Amber D. Steim pleaded not guilty to vehicular homicide under the influence of alcohol March 9 and posted a $100,000 bail bond Wednesday.
At Friday’s hearing, she also was charged with witness tampering, a Class C felony.
The Clallam County Prosecuting Attorney’s Office alleged that Steim asked her passenger at the time of the wreck and her mother to tell attorneys that she drank more alcohol after the wreck and before the ambulance arrived.
She is accused of being drunk when the pickup truck she was driving crossed the centerline on state Highway 112 between Joyce and Port Angeles and struck another vehicle head-on.
The driver of the other vehicle, Ellen J. DeBondt, 44, a nurse with Olympic Medical Center’s home health agency, died at the scene.
Steim had minor injuries and was treated at Olympic Medical Center in Port Angeles.
Her passenger, Nicole Boucher, also had minor injuries and was driven from the scene by a friend or family.
Court records showed that Steim’s blood-alcohol level was 0.239 percent after the wreck.
The legal limit in Washington state is 0.08 percent.
If Steim is convicted on the vehicular homicide charge, she faces a sentence of up to life in prison and a $50,000 fine.
The witness tampering charge carries a sentence of up to five years in prison and a $10,000 fine upon conviction.
Steim’s attorney, Ralph Anderson, said at the hearing that he intends to file a motion for a change of venue because of the attention the case has received.
That motion, if filed, and others will be heard at a hearing at 1 p.m.

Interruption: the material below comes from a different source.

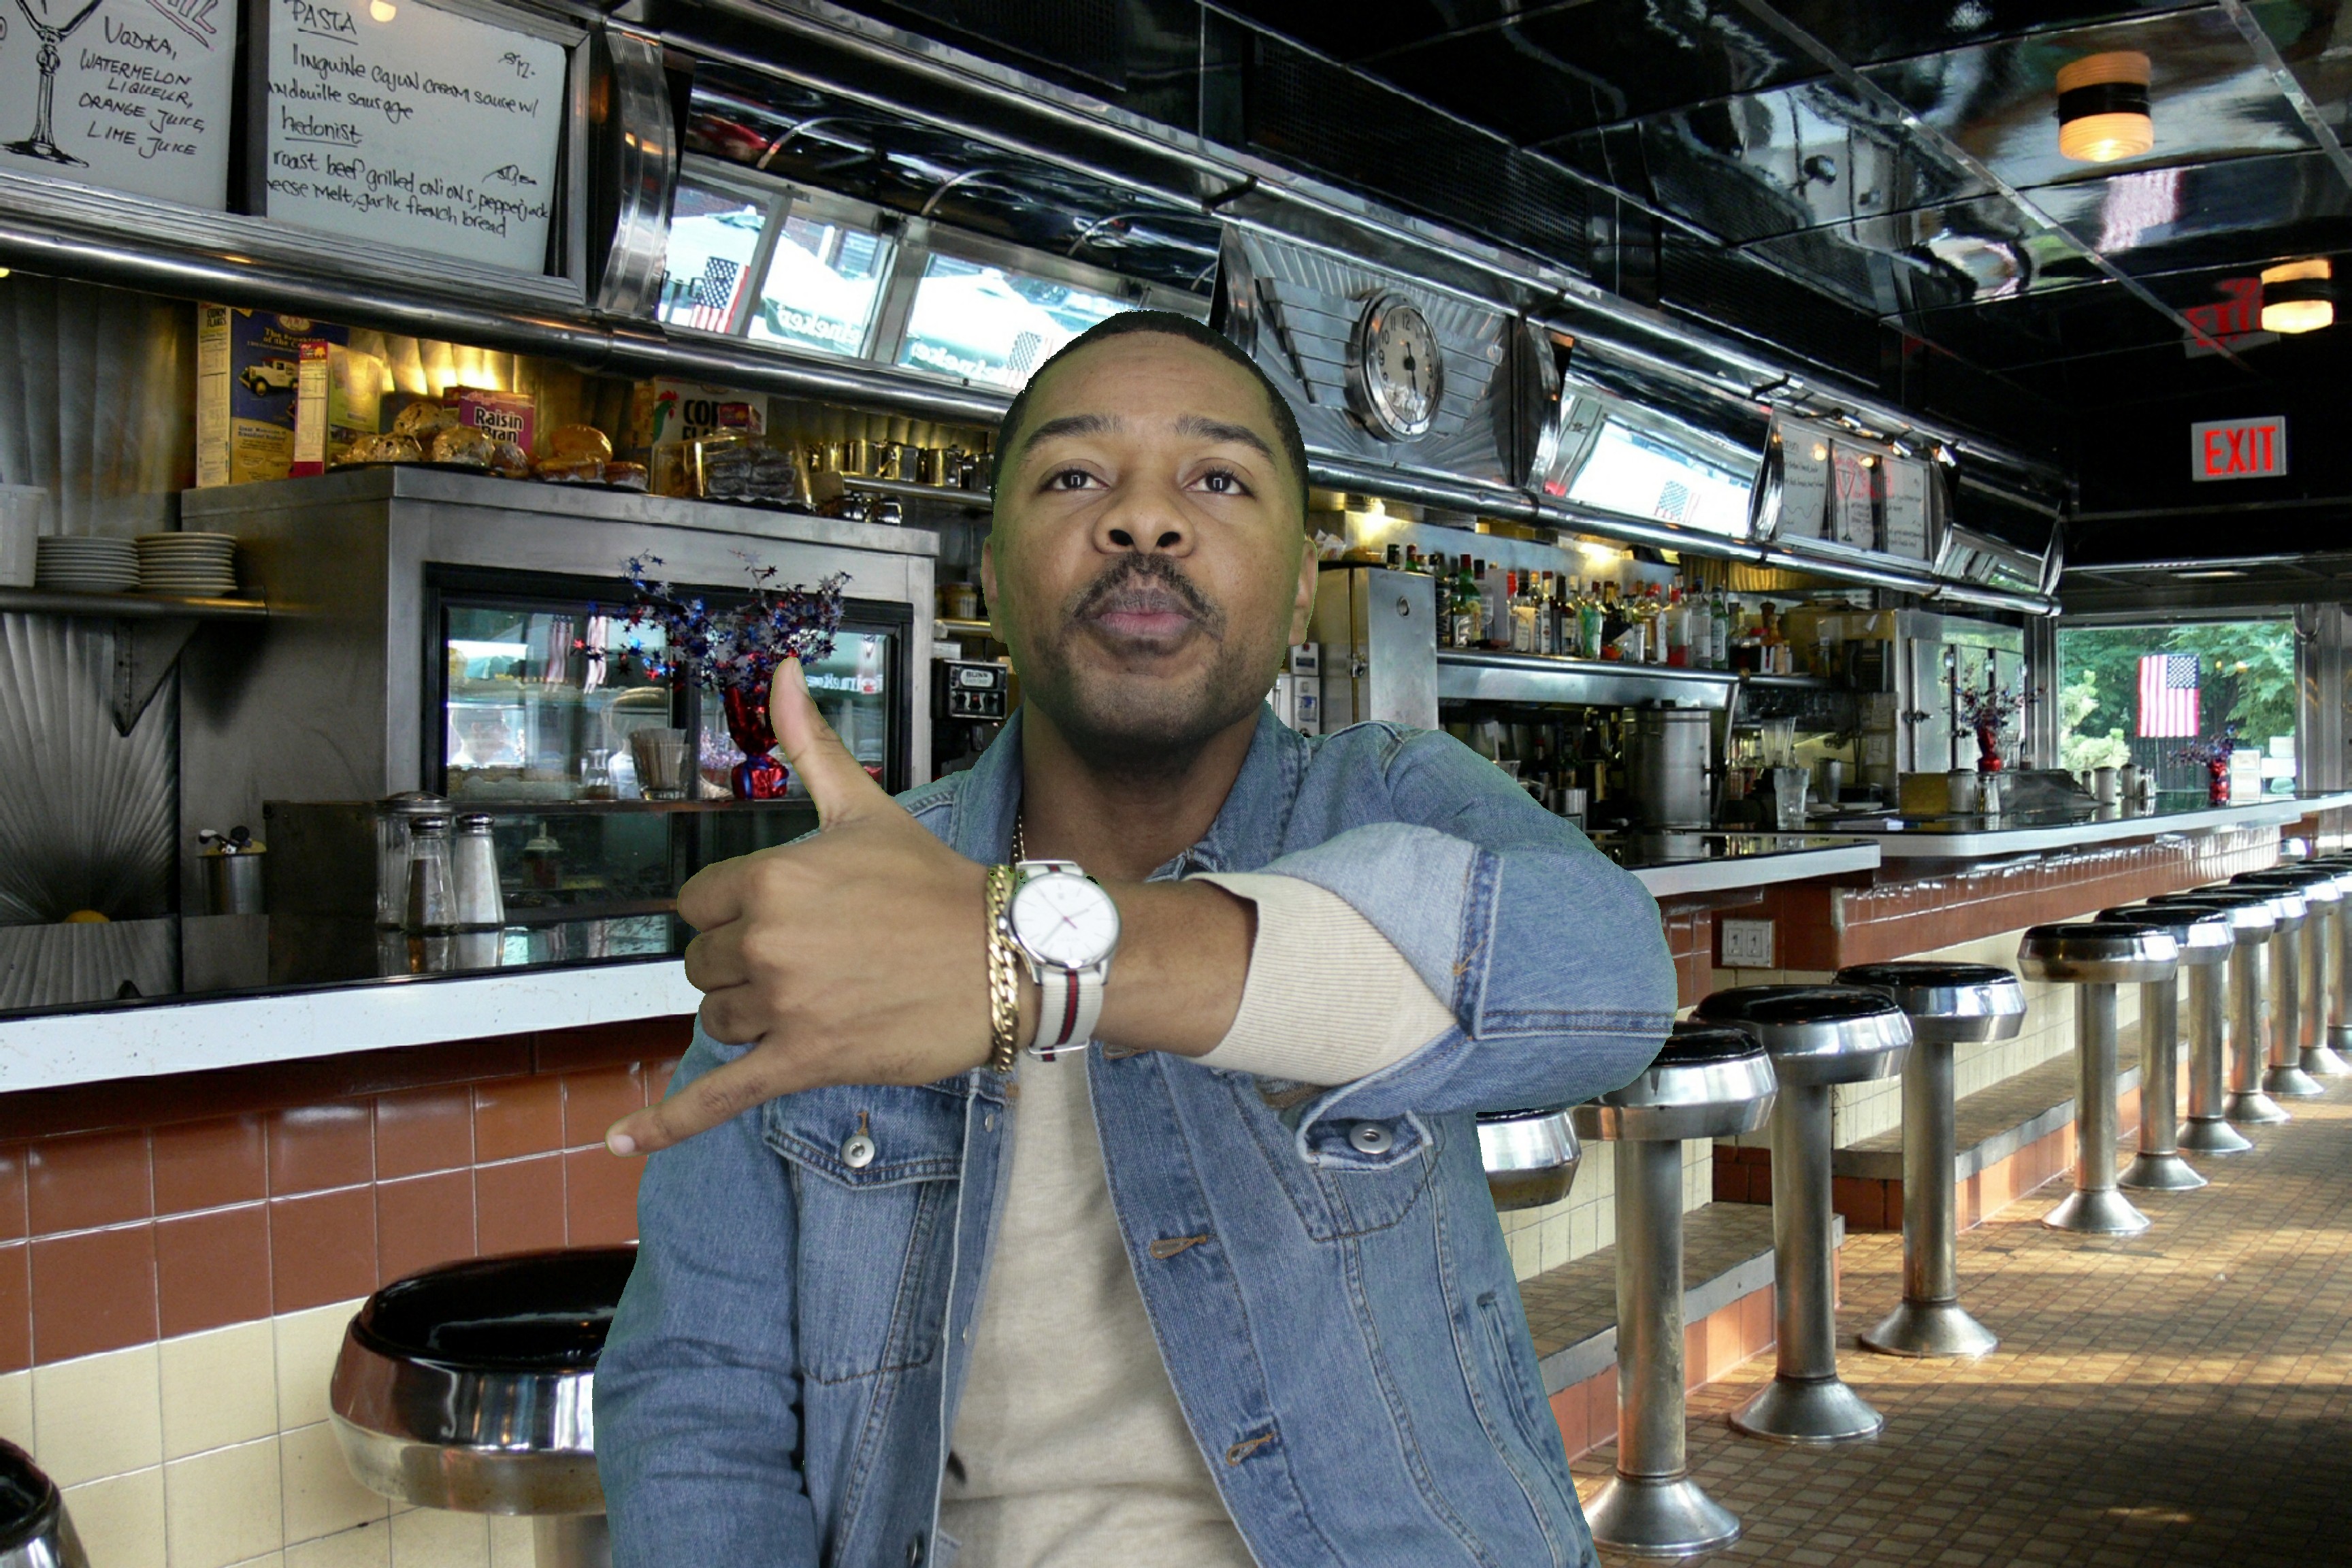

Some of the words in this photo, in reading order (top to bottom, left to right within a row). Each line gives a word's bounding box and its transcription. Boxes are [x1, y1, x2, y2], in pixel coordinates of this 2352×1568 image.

March 31.
The courtroom Friday was packed with people — many of whom were wearing pink paper hearts on their shirts with “Ellen” written on them.
Judge Ken Williams, who presided over the Friday hearing, approved a motion by the defense that a blood sample taken from Steim at the hospital may be tested but not in ways that would destroy the whole sample.
Troberg did not object.
As part of her conditions of release, Steim must drink no alcohol, wear an alcohol-detection bracelet, follow a curfew, refrain from driving and have no contact with Boucher.